Rear admiral of the United States Navy

Theodore Frelinghuysen Jewell (August 5, 1844 – July 26, 1932) was a rear admiral of the United States Navy.

==Naval career==
Jewell was appointed an acting midshipman on November 29, 1861, when he entered the United States Naval Academy. His class of 1865 graduated early on November 22, 1864. He served on the USS Colorado, at the Naval Observatory in Washington, D.C., and at the U.S. Naval Academy. During the Civil War while still at the Naval Academy, in the summer of 1863 when the nation's capital was threatened by General Robert E. Lee's forces, he was in command of a fleet of howitzers at the US Naval Yard for the defense of Washington, D.C.

Jewell was involved in peacekeeping activities from the in Seoul, Korea, Panama in 1872, and Hawaii in 1874, during the election of King Kalākaua, to negotiate the duty-free exportation of sugar to the United States. A riot occurred on election day and marines and sailors from the Tuscarora and the USS Portsmouth landed to restore order.

In 1879 he was executive officer of the frigate . From January 1893 to February 1896 he was superintendent of the Naval Gun Factory at the Washington Navy Yard.
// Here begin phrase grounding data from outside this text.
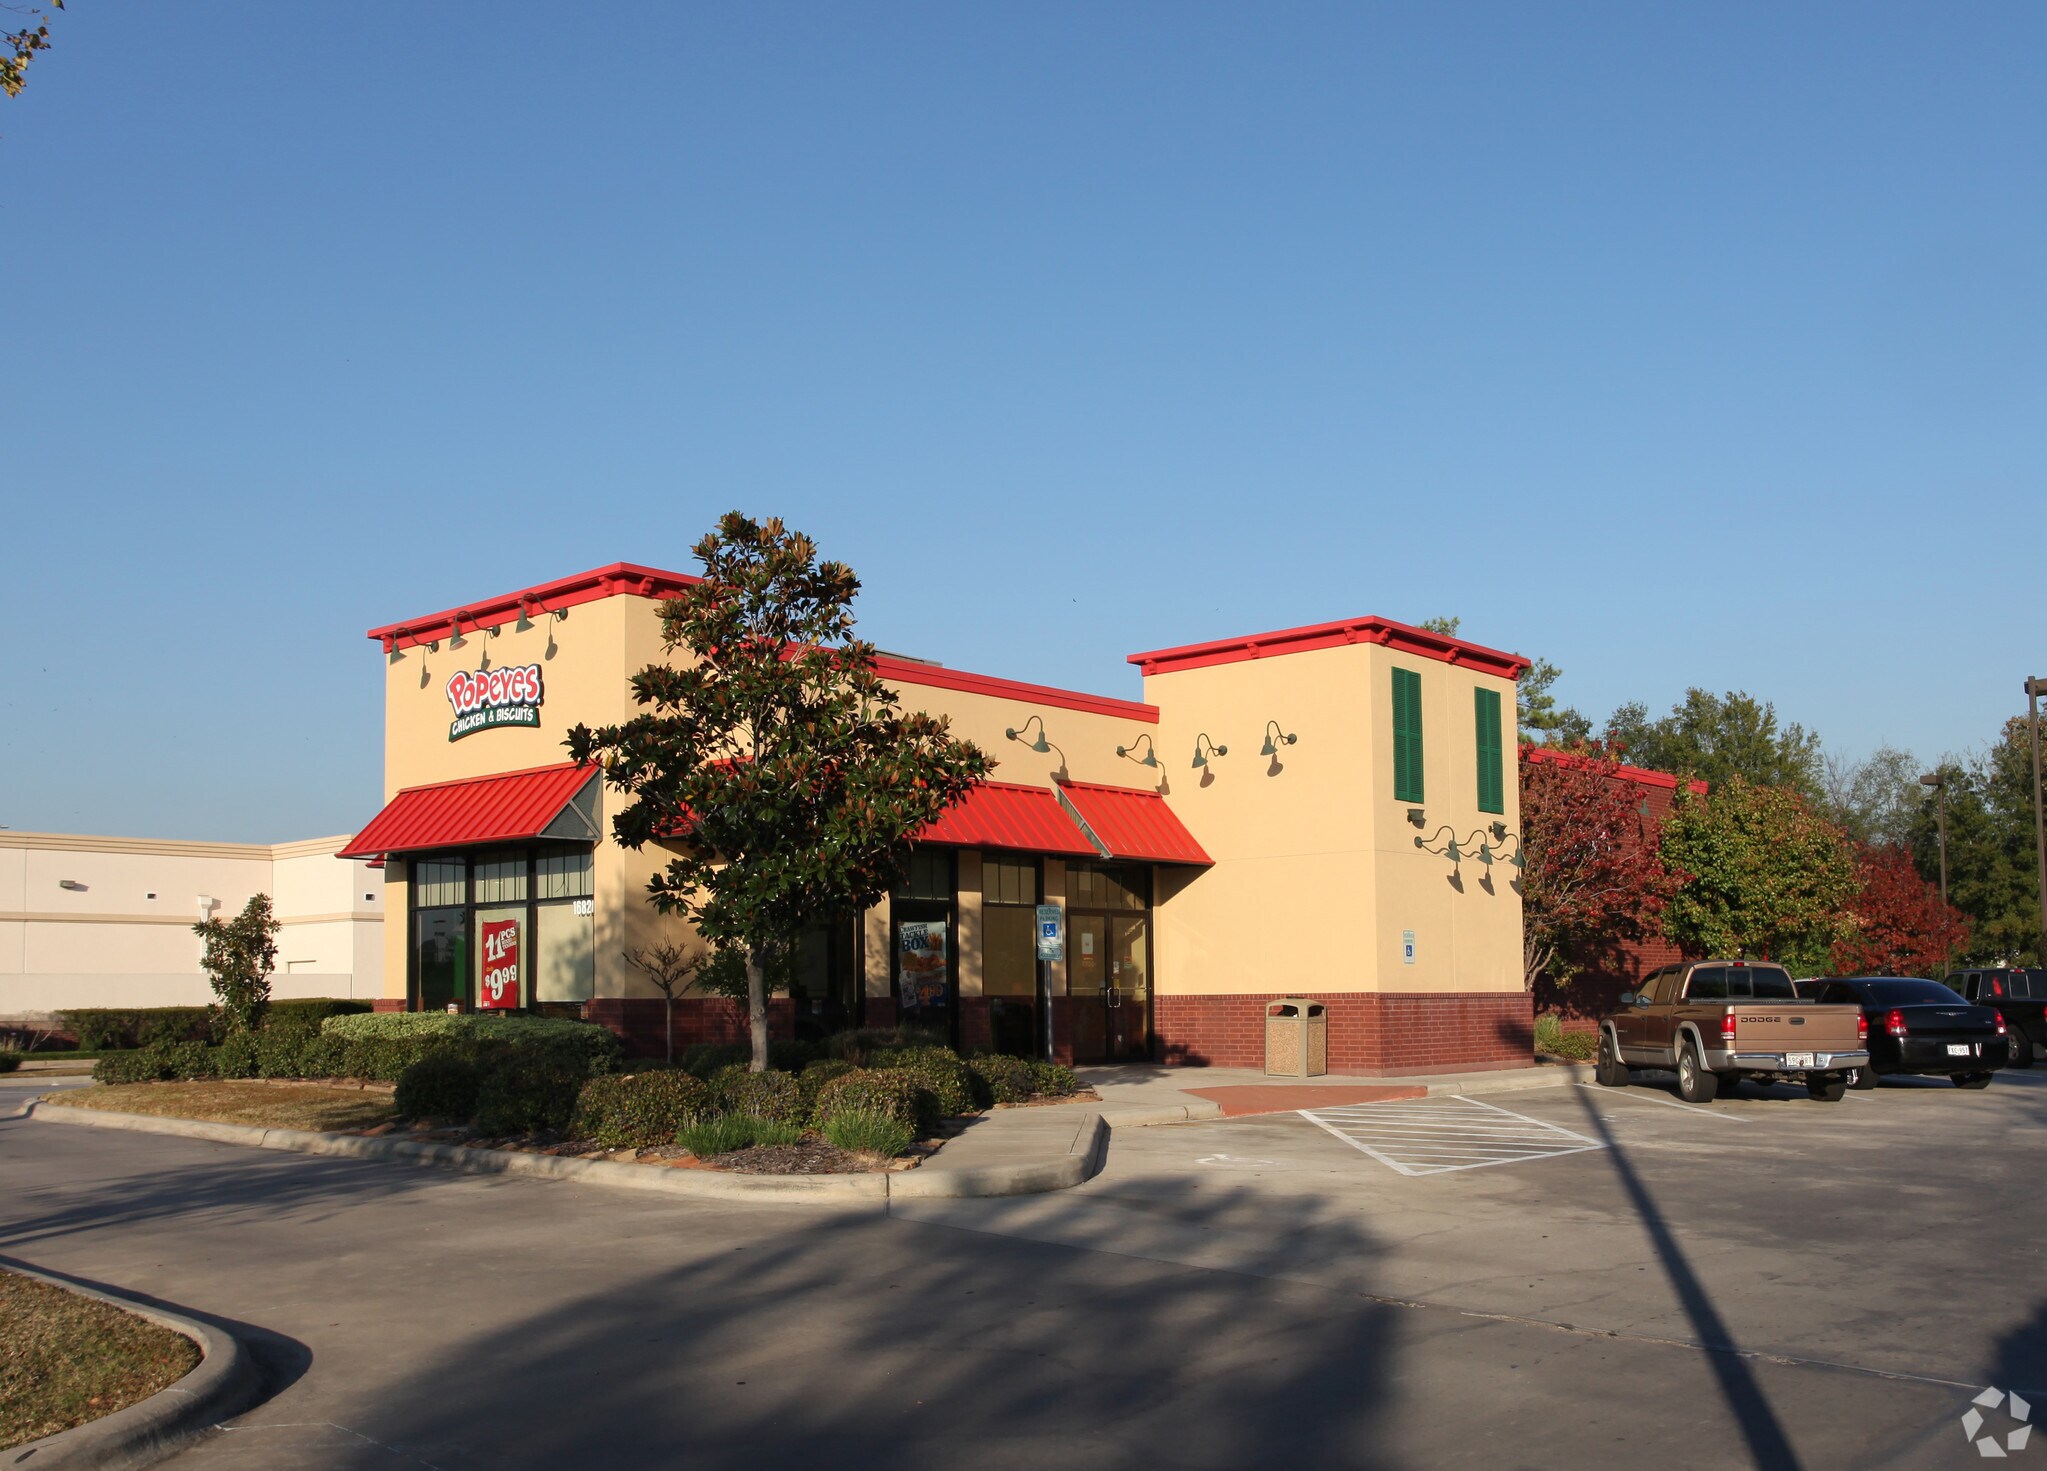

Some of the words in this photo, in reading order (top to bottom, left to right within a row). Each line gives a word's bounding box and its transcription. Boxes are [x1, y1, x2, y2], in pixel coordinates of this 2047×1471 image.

[452, 711, 486, 735] CHICKEN
[488, 710, 495, 722] &
[496, 707, 534, 722] BISCUITS
[899, 923, 928, 933] CRAWFISH
[900, 929, 929, 940] TACKLE
[485, 930, 506, 962] 11
[500, 927, 516, 941] PCS
[902, 936, 930, 952] BOX
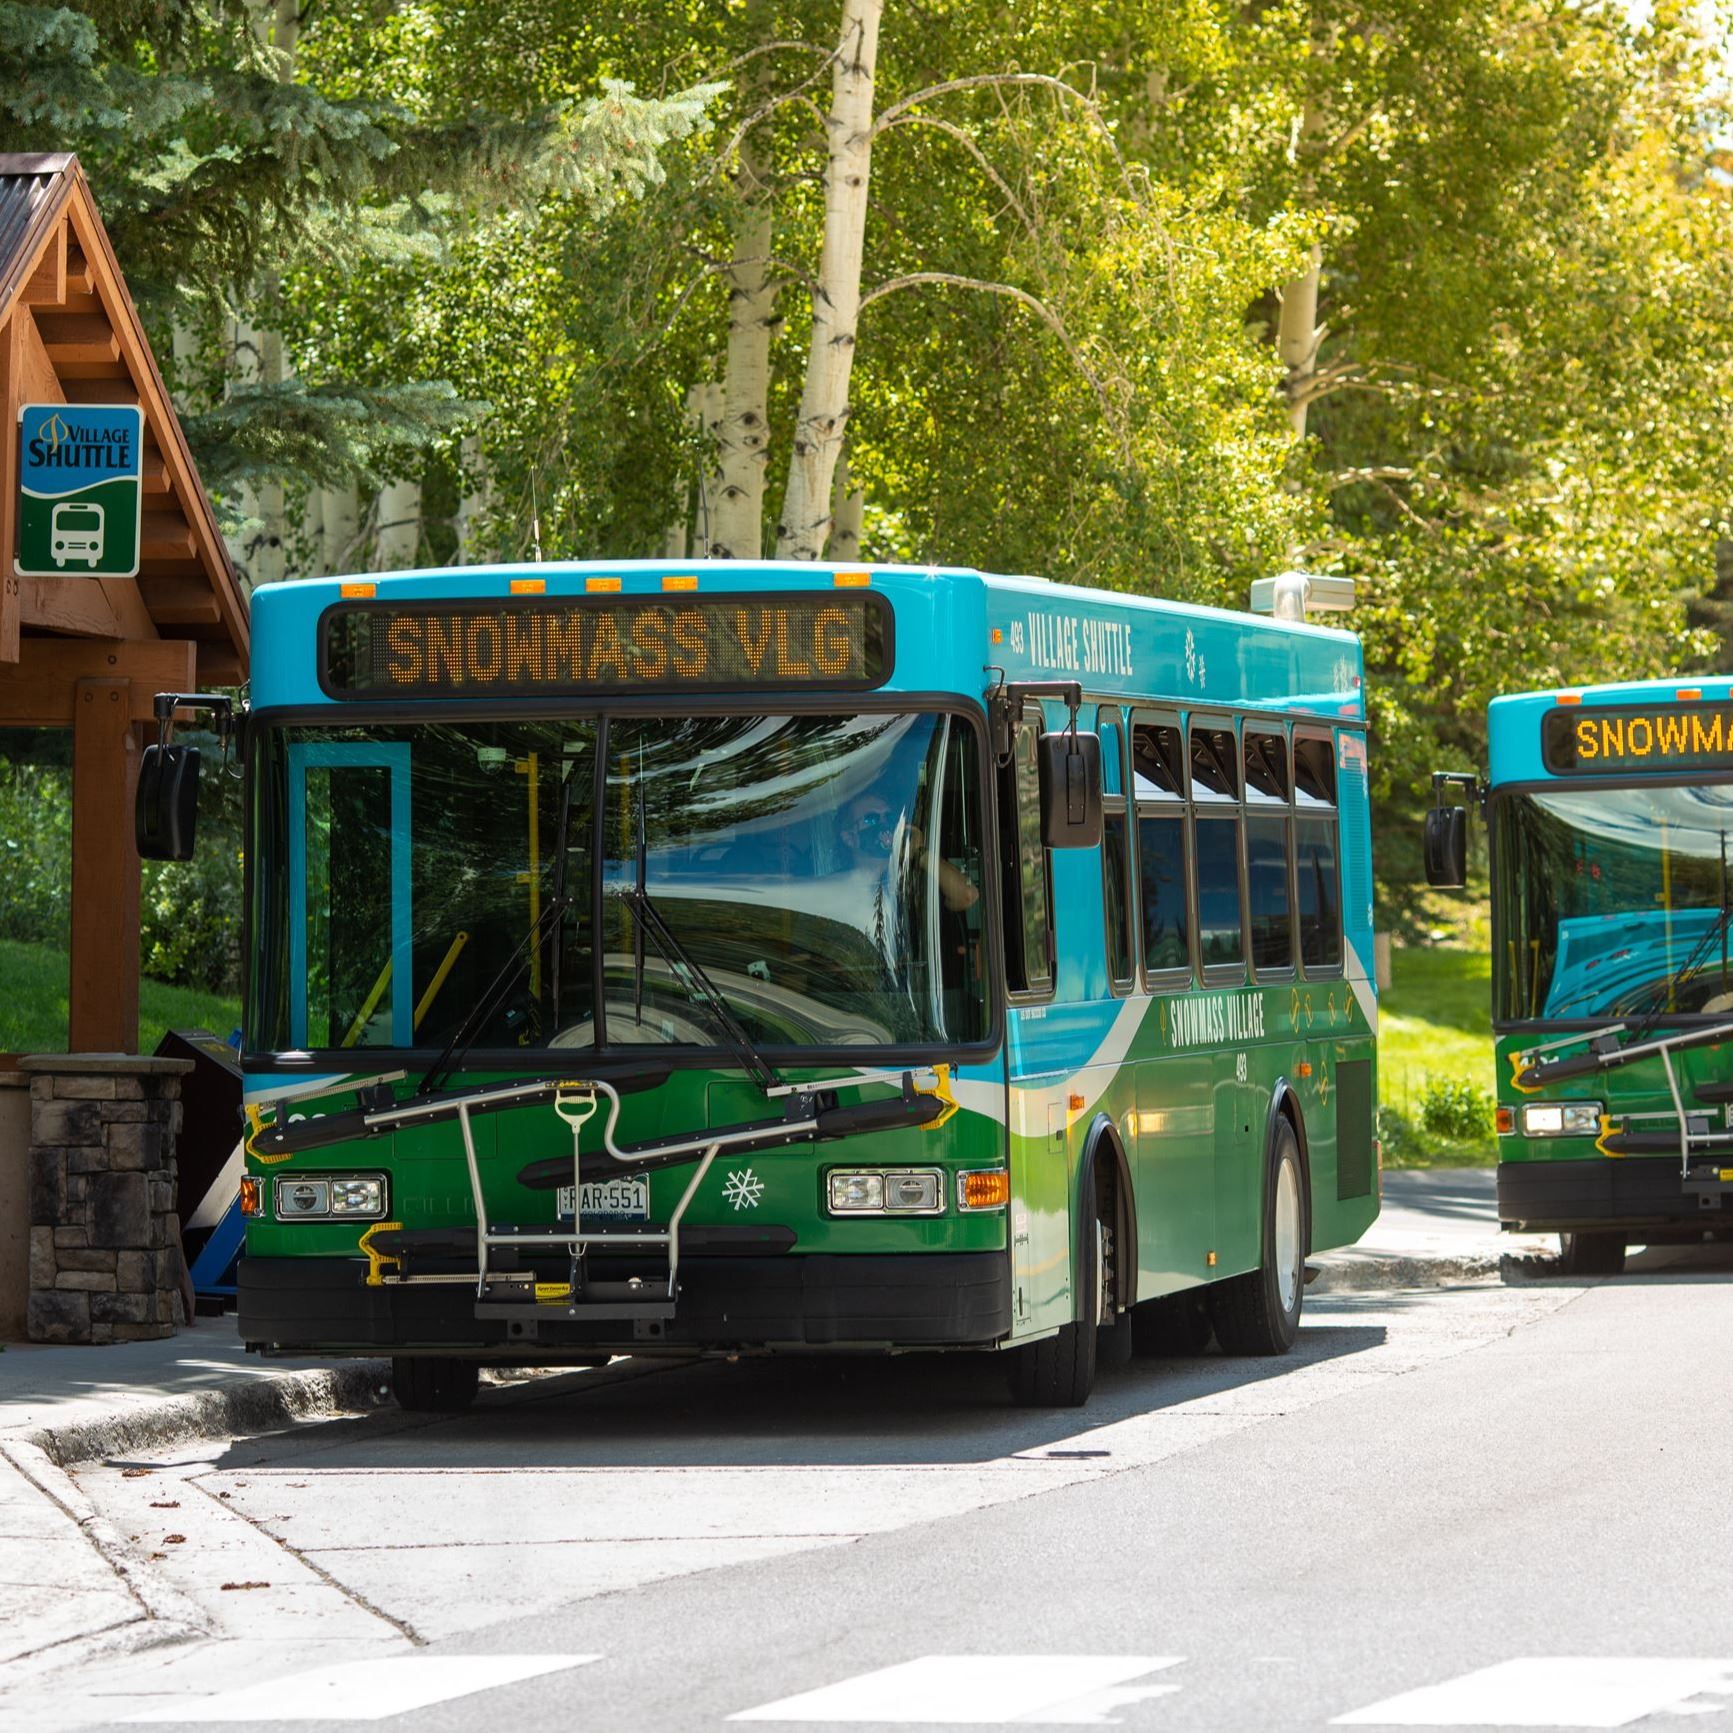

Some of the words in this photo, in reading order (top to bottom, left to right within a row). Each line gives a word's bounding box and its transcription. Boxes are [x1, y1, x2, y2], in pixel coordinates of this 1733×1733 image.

[28, 437, 131, 468] SHUTTLE
[68, 425, 130, 443] VILLAGE
[386, 610, 708, 683] SNOWMASS
[735, 607, 851, 677] VLG
[1010, 621, 1024, 654] 493
[1028, 612, 1079, 670] VILLAGE
[1082, 618, 1132, 676] SHUTTLE
[1170, 995, 1226, 1049] SNOWMASS
[1226, 992, 1265, 1041] VILLAGE
[1236, 1052, 1247, 1082] 493
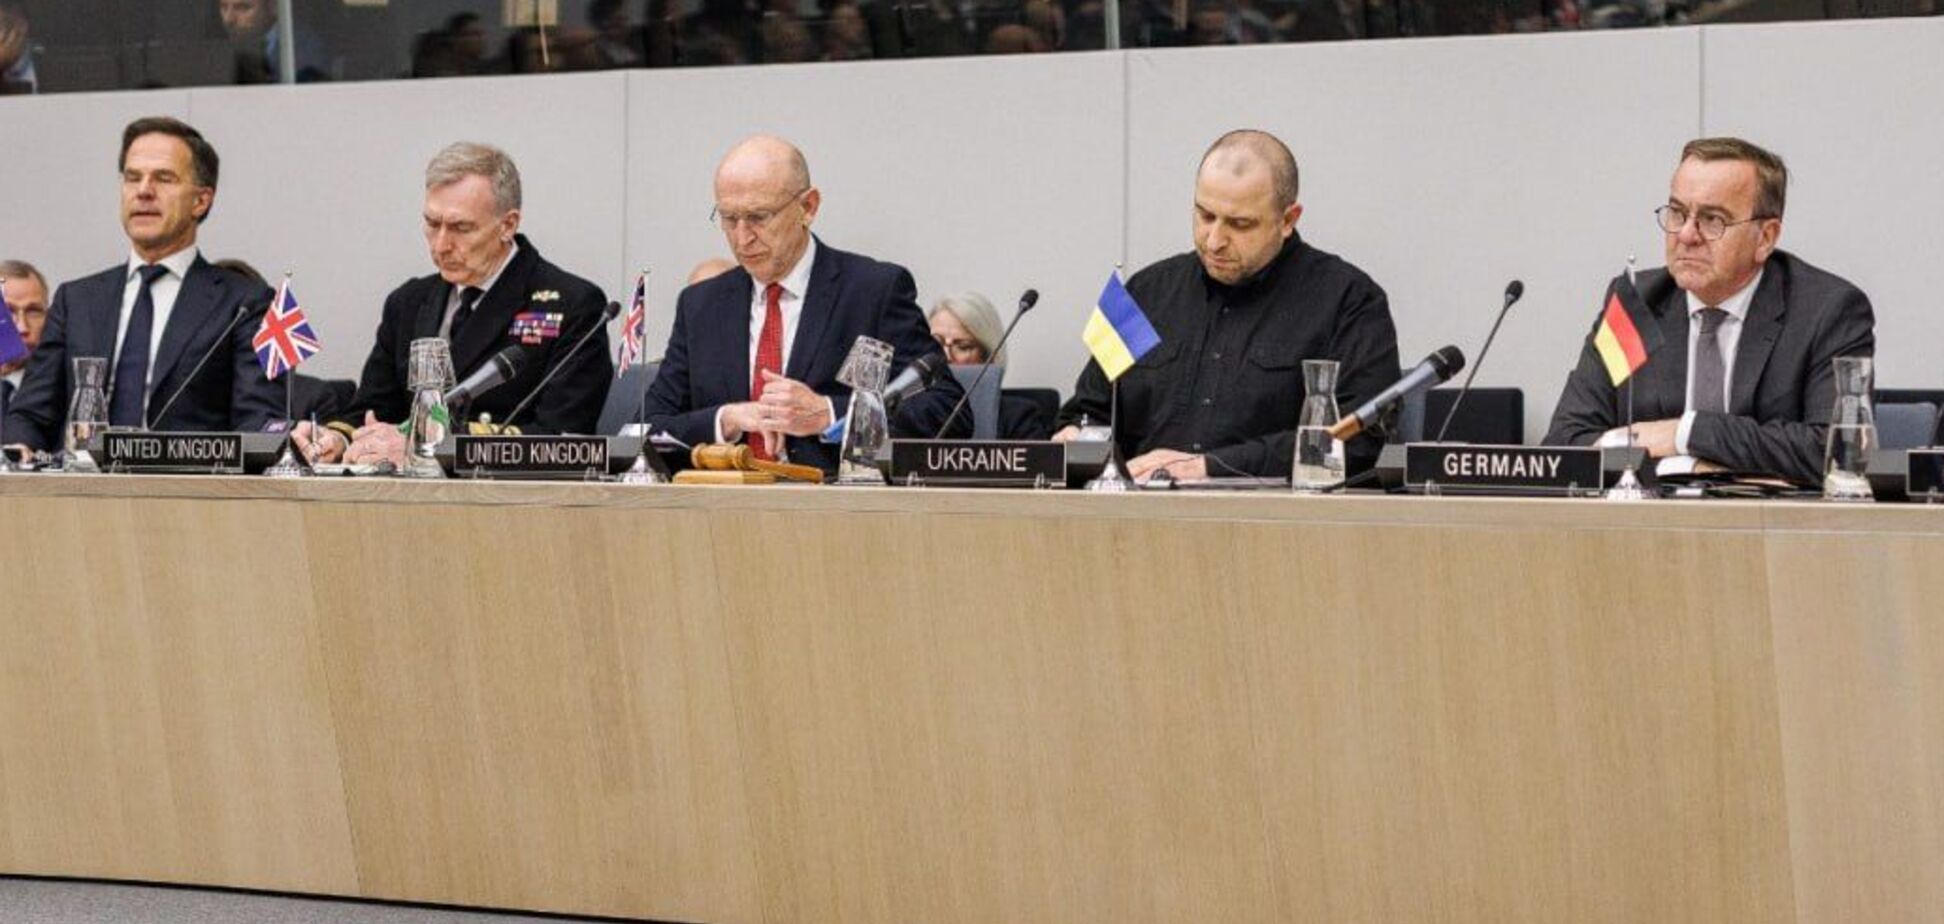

Jewell served with Admiral Dewey at the Battle of Manila Bay and later commanded the European squadron of the American Fleet in March 1904 when he was made a rear admiral. He retired in November 1904.

==Dates of rank==
- Midshipman: July 16, 1862
- Ensign: November 1, 1866
- Lieutenant: March 12, 1868
- Lieutenant Commander: March 26, 1869
- Commander: January 26, 1885
- Captain: February 1, 1898
- Rear Admiral: March 15, 1904

==Personal life==
He was the son of Thomas and Eleanor (Spencer) Jewell, born in Washington, D.C., on August 5, 1844. On June 15, 1871, he married Elizabeth Lindsay Poor, daughter of rear admiral Charles Henry Poor. They had one son Commander Charles T. Jewell (1872–1929).

Admiral Jewell died July 26, 1932, at his residence in Washington, D.C. He was buried in Arlington National Cemetery.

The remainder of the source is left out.